All in all, and after a few questions about prospects and family lineage, they were so pleased that they had found such a suitable young man for their grand-daughter that it was agreed the marriage should take place there and then with the cameras still rolling. Cheers and hurrahs went up in every living room in the kingdom. Bottles of fizz were popped and toasts were drunk. The director of the broadcast panned his cameras around the studio and zoomed in on every smile and every grin as the audience pulsated in time with the continual explosion of flash bulbs and the shouts and screams of the wildly happy crew.

All of a sudden the screams of joy turned into screams of dreadful fear and panic. In the middle of the studio set there was a huge puff of black smoke followed by the loudest thunderclap imaginable. As the smoke began to clear, the shape of a large, muscular man could just be made out.

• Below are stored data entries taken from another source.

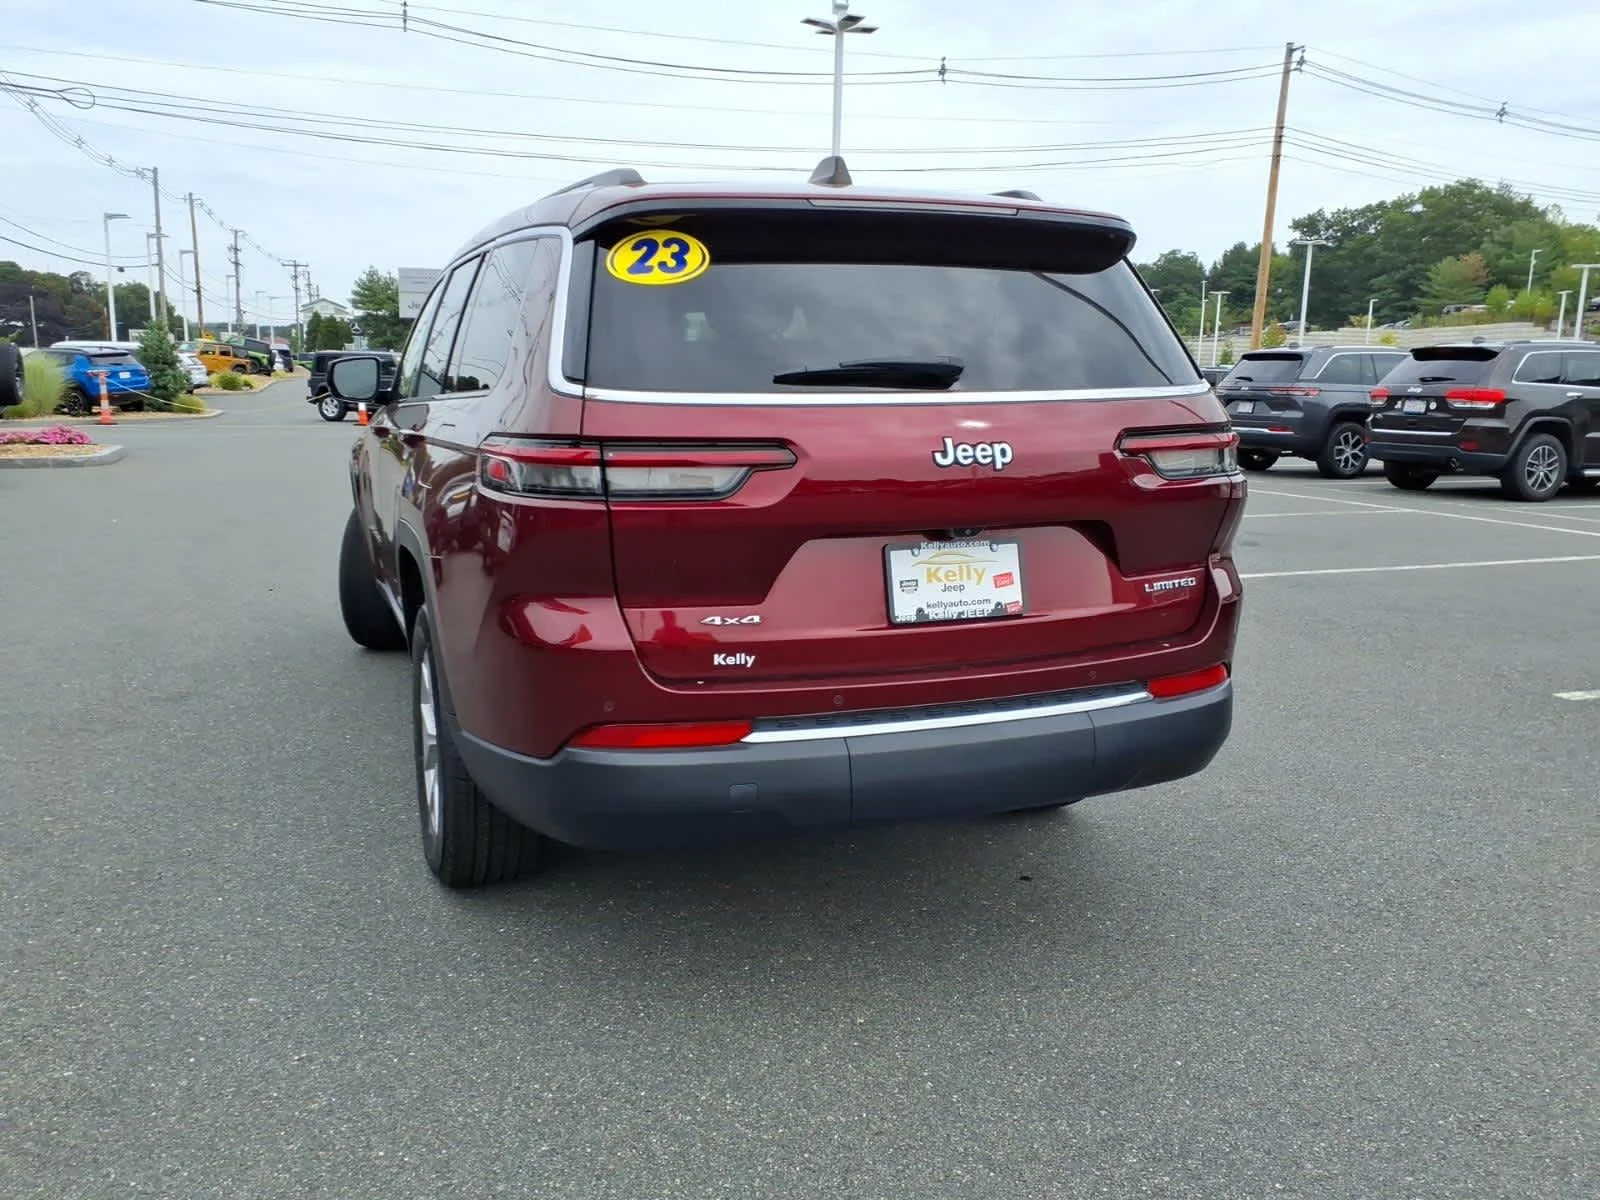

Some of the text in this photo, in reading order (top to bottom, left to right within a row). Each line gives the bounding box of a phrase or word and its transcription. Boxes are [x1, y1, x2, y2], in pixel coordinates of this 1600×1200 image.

[627, 237, 690, 275] 23
[932, 436, 1013, 471] Jeep
[920, 540, 990, 550] Kellyauto.com
[926, 564, 986, 586] Kelly
[941, 583, 965, 593] Jeep
[1144, 577, 1196, 592] LIMITED
[926, 598, 991, 610] kellyauto.com
[961, 607, 992, 618] JEEP
[700, 615, 761, 625] 4x4
[713, 653, 755, 668] Kelly

“STOP!” yelled the man. “That suit isn’t the most incredible thing on television. This is!”

And with an enormous sledgehammer the giant proceeded to smash every transistor, every microchip, every filament and every capacitor in the wonderful television suit. In a furious, seething storm of blows the stranger destroyed the suit right in front of Good Queen Betsy, her family and every member of the watching audience, both at home and in the studio. The royal family, the judges, the technicians and the watching public looked on in amazement as the stranger stood firm and roared, “I did that. I have power in these hands greater than life and death. I’m the victor!”

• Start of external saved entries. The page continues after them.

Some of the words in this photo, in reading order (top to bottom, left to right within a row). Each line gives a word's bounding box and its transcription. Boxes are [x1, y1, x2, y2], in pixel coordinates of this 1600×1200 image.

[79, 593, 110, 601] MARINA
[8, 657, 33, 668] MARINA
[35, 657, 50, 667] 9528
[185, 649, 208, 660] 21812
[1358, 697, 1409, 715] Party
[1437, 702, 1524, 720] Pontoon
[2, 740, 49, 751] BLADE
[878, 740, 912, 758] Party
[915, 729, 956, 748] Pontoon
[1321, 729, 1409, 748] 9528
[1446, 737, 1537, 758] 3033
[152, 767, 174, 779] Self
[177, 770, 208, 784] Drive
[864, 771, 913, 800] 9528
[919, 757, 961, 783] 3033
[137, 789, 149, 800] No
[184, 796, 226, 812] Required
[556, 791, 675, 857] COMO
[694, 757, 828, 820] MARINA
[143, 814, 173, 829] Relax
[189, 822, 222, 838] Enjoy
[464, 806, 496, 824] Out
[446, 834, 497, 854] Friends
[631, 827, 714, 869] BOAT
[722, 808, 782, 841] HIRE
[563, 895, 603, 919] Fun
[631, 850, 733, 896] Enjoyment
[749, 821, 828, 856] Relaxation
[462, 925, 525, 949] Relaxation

After much consultation and some legal wrangling, the judges reached an agreement. “It’s true.” they said. “In destroying this work of art, this marriage of the Muses with technology, this stranger has, indeed, shown himself to be the most astounding of all things.”

Of course, there were rumours. It was said in some quarters that the drama of the finale had been arranged as the final coup de grace in the search for the ultimate televisual experience. But, even if it were true, most of the general population agreed with the judges and so within the hour the stranger came to stand beside the princess in London’s great abbey at Westminster.

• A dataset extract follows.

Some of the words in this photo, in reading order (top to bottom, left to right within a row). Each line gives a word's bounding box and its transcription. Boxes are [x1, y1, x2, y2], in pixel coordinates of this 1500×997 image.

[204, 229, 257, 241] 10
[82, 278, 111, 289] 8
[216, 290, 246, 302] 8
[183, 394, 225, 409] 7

The princess was, understandably, not at all pleased with this turn of events. She tried to argue with her grand-mother, but mindful of the rules and of the power of the moving image, she could not change her grand-mother’s mind. The ratings and the weight of public opinion were too great. Any change of heart now would drive their poll ratings into the floor.

All around the princess the ladies of the court sang and celebrated the occasion as the great and the good of the England’s green and pleasant land, the celebrities and the superstars, assembled to celebrate the marriage. The streets thronged with revellers and the abbey was illuminated in the glorious ambers and reds of candles and torchlight. Beside her the stranger, her husband to be, swaggered and gloated over the princess, with his head held high, sure and certain in the winning of his prize.

At a signal from the Archbishop of Canterbury silence fell upon the assembled crowds. The ceremony was about to start. Priests, pastors and holy ones of all religions stood and opened their mouths to begin the first incantation. As they uttered the very first word of the ceremony the most horrendous wailing drowned out their massed voices and the air was filled with the thud and boom of bass notes and percussion. All eyes turned towards the huge oak doors at the far end of the abbey and there, advancing down the aisle in the once famous television suit, was the beaten finalist.

Ladies swooned and fainted. Men gaped and started to sweat as the apparition walked. It was like seeing a ghost for the very first time, for there in the middle of the church was an ogre, a hobgoblin, a wraith, which moved, in vengeful fits and starts on two stiff legs. Every cobbled together panel on the suit showed disfigured and disembodied images. The patched together speakers broadcast sounds of groaning torment, growling like rabid dogs. No one but the man in the suit could move a muscle. Slowly, in an agony of horrific imagery, in a barrage of deafening vibrations, he staggered up to the altar and came to a halt directly in front of the princess and the lofty stranger.

The man in the suit raised his right arm. In his hand he held a television remote control, which he showed to the assembled crowd. He pressed a button. One by one the images that played upon his broken body writhed and bit at the air, spinning and rising up from their broken screens to take shape and solid form in the real world.

First Moses, then Adam and Eve, the marathon runner and all of the other famous and virtuous people in the videos appeared in physical form. Moses pinned the stranger’s feet to the cold flagstones by dropping his laptop computer onto them, while Adam and Eve chastised him for his pride and for his covetousness. Each character appeared in turn, making the stranger quake with terror until, finally, a horribly disfigured cherub flew up above the stranger’s head and laid him low with a police baton.

In every home in the land, on every sofa, the entire population of the country sat transfixed by this gruesome and entirely unexpected scene. This vengeful, this fascinating series of events held them in total thrall. It was, without a doubt and despite all that had gone before, the most incredible thing ever seen.

The princess was the first to come to her senses. She stood before the man in the ruined and spectral television suit and called out to the assembled dignitaries, “He will be the one. He will be my husband.”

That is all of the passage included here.